Can you change the units given by your blood test kit? This is dependent on the device. Some devices are designed to display the test result in both sites of units (you can change the units from mmol/L to mg/dL and vice versa) – while others are made to show one set of units! Or you can change it manually, 1 mmol/L is about 18 mg/dL.

Normal blood sugar before eating (fasting)

When you have not eaten for many hours, your blood glucose can drop to its lowest level since there are no dietary sugar you eat and enters into your bloodstream. For such case, it is called fasting blood glucose level.
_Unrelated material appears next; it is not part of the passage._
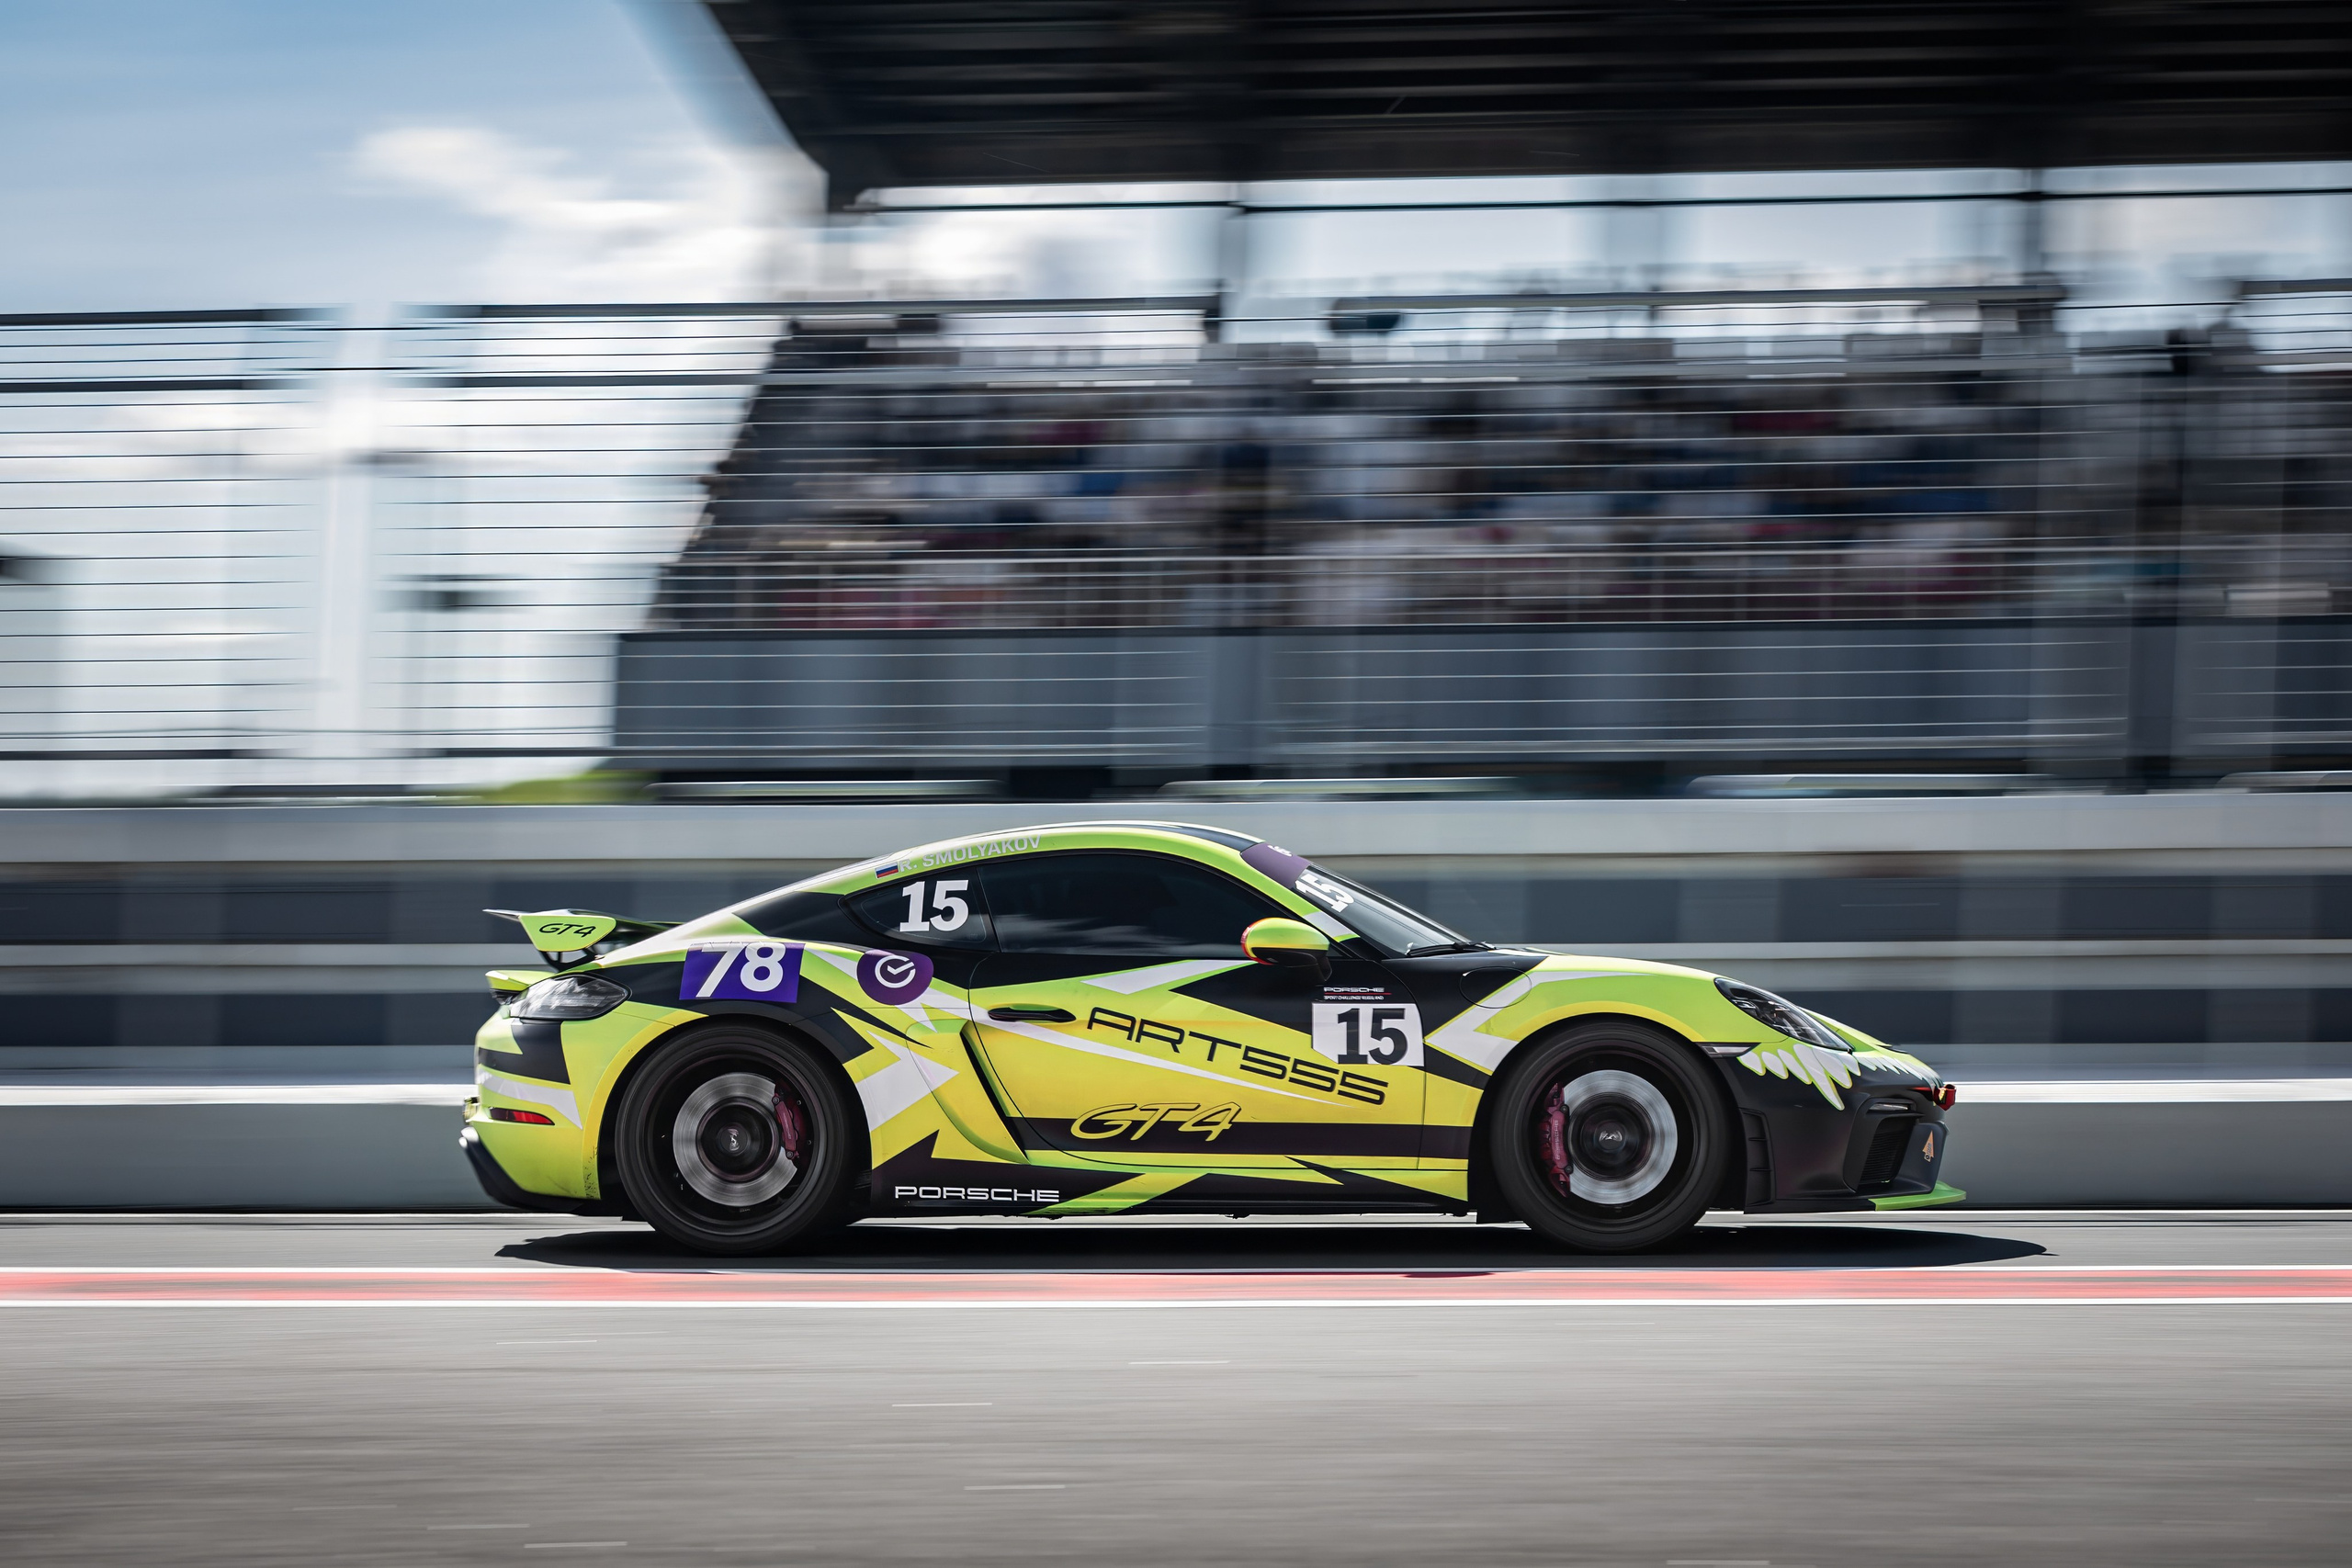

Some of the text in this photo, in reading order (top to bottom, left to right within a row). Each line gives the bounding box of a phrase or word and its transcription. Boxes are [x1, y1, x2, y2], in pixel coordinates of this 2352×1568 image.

What happen in your blood glucose when fasting!

In healthy individuals (non-diabetics), the release of insulin and glucagon is naturally designed to maintain blood glucose levels within normal range. While insulin is responsible to naturally decrease high blood glucose level, glucagon is the natural mechanism of the body to help increase low blood glucose level.
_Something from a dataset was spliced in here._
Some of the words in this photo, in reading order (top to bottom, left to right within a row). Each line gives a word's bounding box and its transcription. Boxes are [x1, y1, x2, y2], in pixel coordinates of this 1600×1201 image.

So glucagon works in the opposite way of insulin. It is released when your body lacks of glucose in the bloodstream (such as when fasting or when you need additional glucose such as during vigorous exercise).  And it is produced in the liver, too – by cells called alpha cells.

Glucagon is important hormone to help keep your blood glucose level high enough for your body to keep functioning well. When it is released, it can:

  1. Stimulate the production of glucose in the liver. The stored glycogen is turned back to become glucose and released into the bloodstream to help restore the balance your blood glucose!
  2. Break down another source for energy, such as stored fats (triglycerides).
  3. Activate gluconeogenesis to use amino acids for energy.

This suggests that glucagon can help provide the energy from several different sources, not only glycogen.

What fasting blood sugar test is used for?

It can be used for one of procedures to help diagnose diabetes. In diabetics, it is also used to help test the effectiveness of dietary changes or different medications in controlling blood glucose level.

What does the test result mean?

Normal fasting blood glucose is about 72 to 108 mg/dL (4.0 to 6.0 mmol/L). Higher than this range may point to pre-diabetes or even diabetes!

What you need to prepare before the test? You need to forbear from eating or drinking anything other than water for about 8 hours. Typically, you take the test in the morning after fasting, before your breakfast!

Normal blood sugar level right after eating

When you take the test right after meal, it will be probably vey high (greater than 180 mg/dL) – even though if you don’t have diabetes. The kind of food you eat (such as after eating low or high sugar food – complex or simple carbohydrate) can have a significant effect to this test result.

For instance, it can be very different when you check it right after eating sweets (such as ice cream) or low-GI foods (such as whole grain). GI stands for glycemic index, a variable used to measure how fast different foods in affecting blood glucose level! For comprehensive guide about diet for diabetes, see this section!

Blood glucose right after a meal is commonly not used to diagnose diabetes or to monitor blood glucose levels in people who already diagnosed as diabetics. Because it is not accurate enough to describe the health of your glucose metabolism!

If you want to see how your meal affected your blood glucose, take the test about 1-2 hours after meal!

Normal blood sugar 1 – 2 hours after eating

Insulin, hormone produced in the pancreas, is responsible to regulate your normal blood glucose. After eating (when there is high amount of glucose in the bloodstream), pancreas releases more insulin to help glucose to enter the body’s cells. As a result, the level of glucose in the blood backs to normal.

The high insulin in the blood is also a signal when the liver converts excess glucose to become glycogen. When the body is lack of glucose in the blood (such as when you have not taken a meal in a while), glycogen is converted back to glucose and released into bloodstream.

In non-diabetics, blood glucose level 1-2 hours after meal is around 140 mg/dL or 7.8 mmol/L. If it goes up to 140 to 199 mg/dL (7.8 to 11.0 mmol/L), this is considered for pre-diabetes. And if it reaches up to 200 mg/dL (11.1 mmol/L) or greater, this is usually diagnosed for diabetes.